# Chapter 2: Statistical Learning

## General form
$$
Y = f(X) + \epsilon 
$$
We estimate f for: (1) prediction (2) inference

## Parametric Methods and Non-premetric Methods
Paremetric methods
- make an assumption about the functional form
- fit/train data to get parameters

Non-parametric methods
- no explicit assumption but require large number of observations

*a tradeoff: prediction accuracy and model interpretability*

## Supervised and Unsepervised Learning
Supervised learning: For each observation of the predictor measurement, there is an associated response measurement $y_i$.
Unsupervised learning: For each observation, there's a vector of $x_i$, but no $y_i$.
Semi-supervised learning problem: some of observations don't have $y_i$.

## Assess Model Accuracy
### Quality of Fit
$$
MSE = \frac{1}{n}\sum_{i=1}^{n} (y_i-\hat{f}(x_i))^2
$$

- We care about test MSE more than training MSE.
- **Overfitting** happends if a method yields a small training MSE and large test MSE.
- **Cross-validation**: a method for estimating the test MSE using the training data.

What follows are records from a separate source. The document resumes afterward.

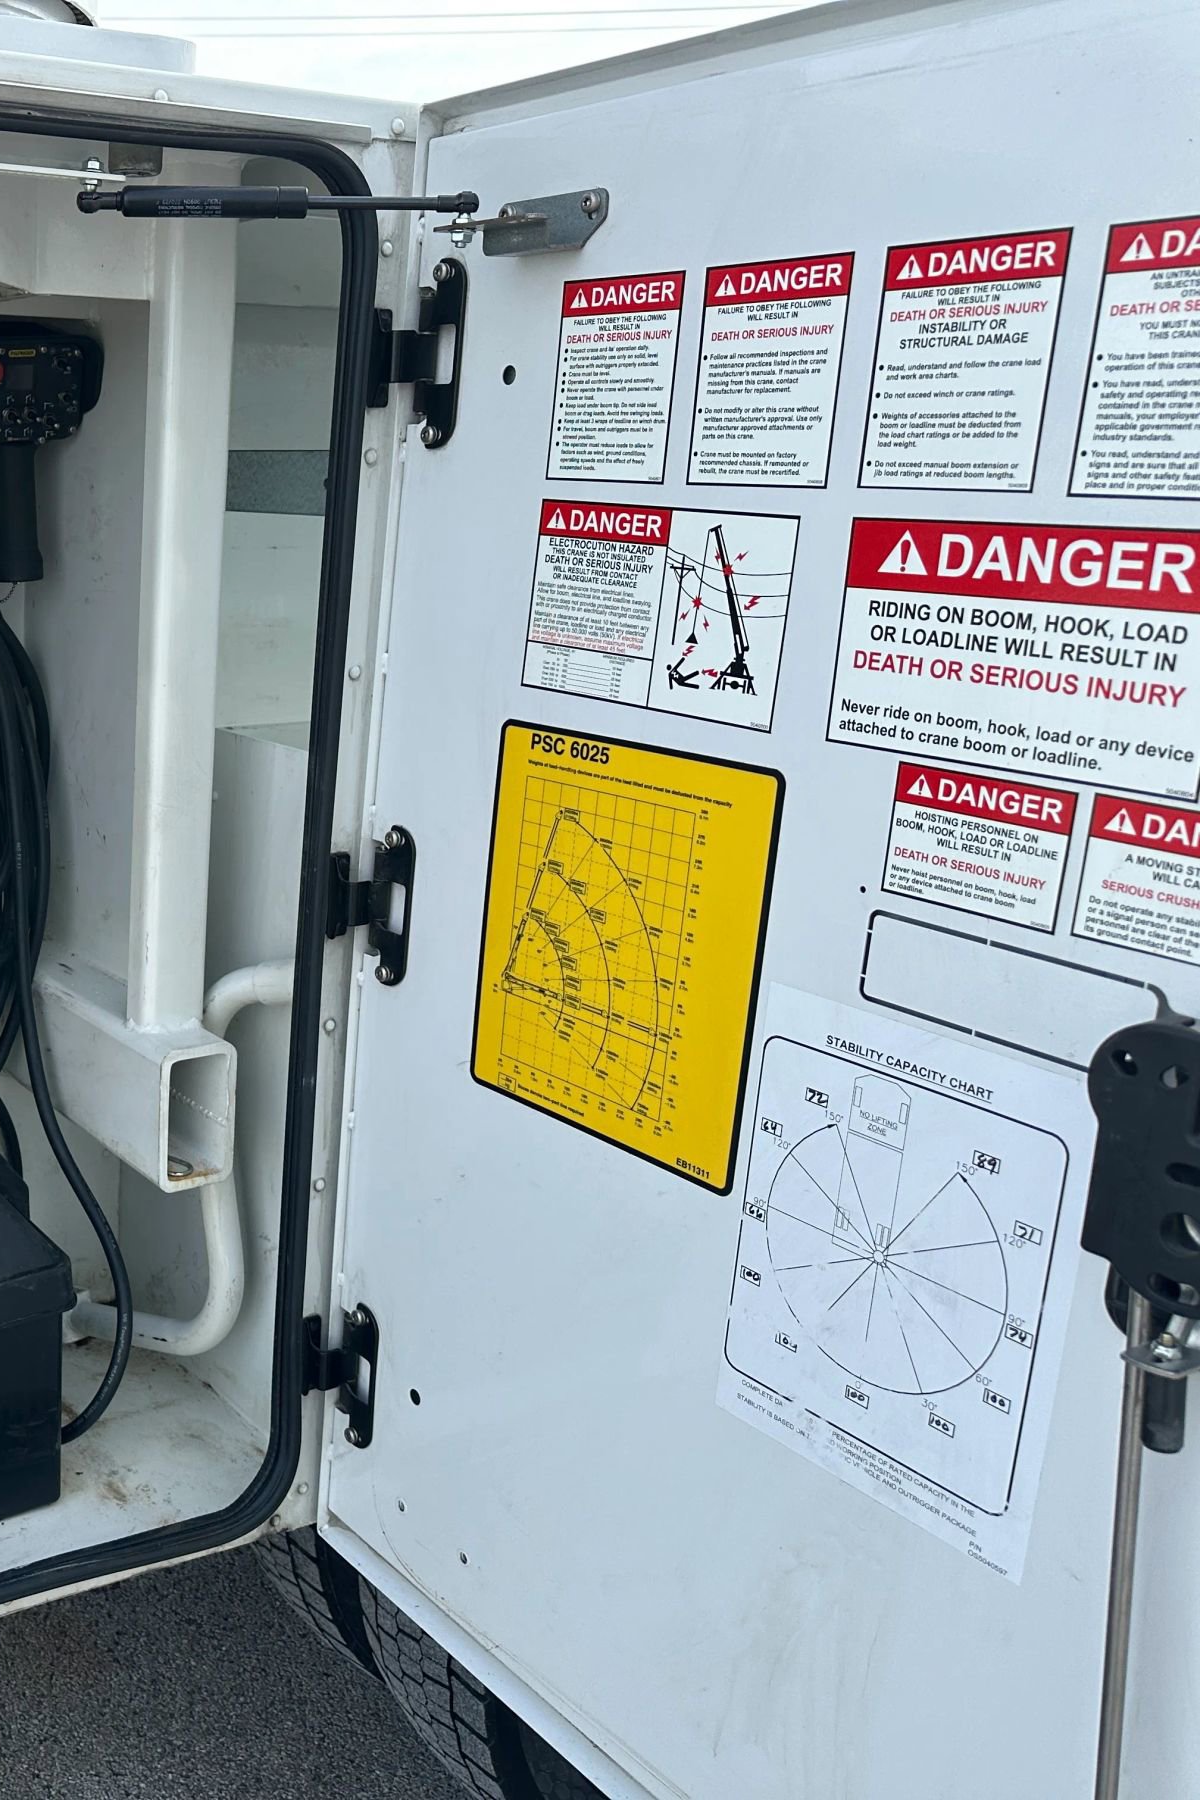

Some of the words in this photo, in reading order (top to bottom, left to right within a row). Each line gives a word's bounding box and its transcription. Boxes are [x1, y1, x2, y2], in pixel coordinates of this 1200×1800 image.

[927, 240, 1056, 277] DANGER
[740, 263, 842, 294] DANGER
[591, 280, 675, 307] DANGER
[901, 289, 934, 299] FAILURE
[936, 288, 946, 296] TO
[947, 286, 971, 295] OBEY
[972, 284, 989, 293] THE
[990, 280, 1041, 291] FOLLOWING
[937, 297, 956, 306] WILL
[958, 294, 990, 304] RESULT
[991, 293, 1000, 301] IN
[717, 305, 744, 315] FAILURE
[755, 303, 774, 312] OBEY
[775, 302, 789, 310] THE
[790, 298, 831, 309] FOLLOWING
[747, 313, 762, 321] WILL
[764, 311, 790, 320] RESULT
[791, 310, 798, 318] IN
[889, 309, 926, 322] DEATH
[928, 308, 946, 319] OR
[948, 303, 1000, 318] SERIOUS
[1003, 300, 1048, 314] INJURY
[573, 318, 595, 326] FAILURE
[604, 316, 620, 324] OBEY
[621, 315, 632, 323] THE
[632, 313, 666, 322] FOLLOWING
[612, 323, 634, 331] RESULT
[918, 319, 987, 334] INSTABILITY
[989, 318, 1007, 330] OR
[566, 334, 591, 344] DEATH
[592, 333, 604, 342] OR
[606, 331, 641, 342] SERIOUS
[642, 329, 672, 340] INJURY
[711, 330, 739, 341] DEATH
[741, 329, 755, 339] OR
[756, 326, 797, 338] SERIOUS
[799, 324, 834, 335] INJURY
[899, 335, 973, 349] STRUCTURAL
[976, 331, 1029, 345] DAMAGE
[569, 509, 662, 537] DANGER
[548, 537, 616, 552] ELECTROCUTION
[618, 543, 654, 556] HAZARD
[552, 546, 565, 555] THIS
[566, 548, 588, 557] CRANE
[588, 550, 595, 558] IS
[596, 551, 609, 559] NOT
[610, 553, 646, 563] INSULATED
[544, 554, 570, 565] DEATH
[571, 556, 584, 566] OR
[585, 558, 621, 570] SERIOUS
[622, 562, 653, 574] INJURY
[567, 566, 590, 575] RESULT
[590, 568, 608, 577] FROM
[609, 571, 638, 580] CONTACT
[936, 533, 1195, 593] DANGER
[562, 573, 599, 584] INADEQUATE
[600, 577, 637, 588] CLEARANCE
[868, 599, 930, 621] RIDING
[936, 605, 964, 624] ON
[970, 608, 1036, 633] BOOM,
[1044, 614, 1113, 640] HOOK,
[1122, 621, 1187, 644] LOAD
[870, 624, 896, 642] OR
[901, 627, 998, 653] LOADLINE
[1004, 637, 1053, 659] WILL
[1060, 642, 1148, 668] RESULT
[1154, 652, 1177, 672] IN
[853, 649, 923, 676] DEATH
[929, 658, 963, 681] OR
[969, 663, 1078, 695] SERIOUS
[1086, 676, 1186, 707] INJURY
[841, 698, 880, 715] Never
[883, 704, 909, 720] ride
[913, 712, 932, 724] on
[936, 711, 981, 733] boom,
[987, 719, 1029, 740] hook,
[1035, 725, 1071, 744] load
[1076, 735, 1094, 747] or
[1098, 738, 1130, 755] any
[1135, 741, 1194, 762] device
[530, 732, 565, 755] PSC
[570, 740, 610, 764] 6025
[838, 718, 897, 738] attached
[900, 727, 914, 740] to
[918, 732, 958, 747] crane
[962, 735, 1006, 755] boom
[1011, 746, 1028, 758] or
[1032, 746, 1101, 770] loadline.
[937, 778, 1063, 824] DANGER
[914, 810, 958, 827] HOISTING
[960, 819, 1020, 840] PERSONNEL
[1023, 832, 1038, 843] ON
[895, 817, 925, 832] BOOM,
[927, 824, 957, 840] HOOK,
[959, 831, 987, 845] LOAD
[989, 837, 1004, 849] OR
[1006, 841, 1058, 860] LOADLINE
[936, 837, 958, 850] WILL
[960, 842, 999, 858] RESULT
[1000, 851, 1011, 862] IN
[893, 846, 929, 863] DEATH
[931, 855, 947, 867] OR
[950, 859, 1000, 879] SERIOUS
[1002, 871, 1046, 890] INJURY
[1124, 853, 1133, 863] A
[1135, 855, 1183, 873] MOVING
[1101, 879, 1153, 899] SERIOUS
[1152, 871, 1180, 886] WILL
[826, 1034, 883, 1061] STABILITY
[885, 1055, 946, 1083] CAPACITY
[949, 1077, 993, 1100] CHART
[859, 1109, 870, 1119] NO
[871, 1114, 898, 1130] LIFTING
[867, 1122, 886, 1136] ZONE
[675, 1157, 709, 1179] EB11311

### Bias-Variance Trade-off
Decompostion of expected test MSE :
$$
E(y_0-\hat{f}(x_0))^2 = var(\hat{f}(x_0)) + [bias(\hat{f}(x_0))]^2 + Var(\epsilon)
$$

- **Variance** refers to the amount by which $\hat{f}$ would change if we estimated it using a different training data set, while **bias** refers to the error that is introduced by approximating a real-life problem.

### Classification Setting
**Training error rate** $\frac{1}{n}\sum_{i=1}^{n}I(y_i\neq \hat{y_i})$ is usually used to assess accuracy. We care about the smallest **test error**.

The **Bayes Classifier** assigns a test observation with predictor vector $x_0$ to the class $j$ for which $Pr(Y=j|X=x_0)$ is largest. It minimized test error on average.

In reality, we cannot get the conditional distribution, so we estimate it.(ex. **K-nearest neighbors classifer**)



# Notes
## Derivation of the Bias-Variance Trade-off

Consider a regression problem where the data is generated as:

$$
y = f(x) + \varepsilon, \quad \text{with } \varepsilon \sim \mathcal{N}(0, \sigma^2)
$$

Our goal is to use a model $\hat{f}(x)$ to estimate $y$, and minimize the prediction error.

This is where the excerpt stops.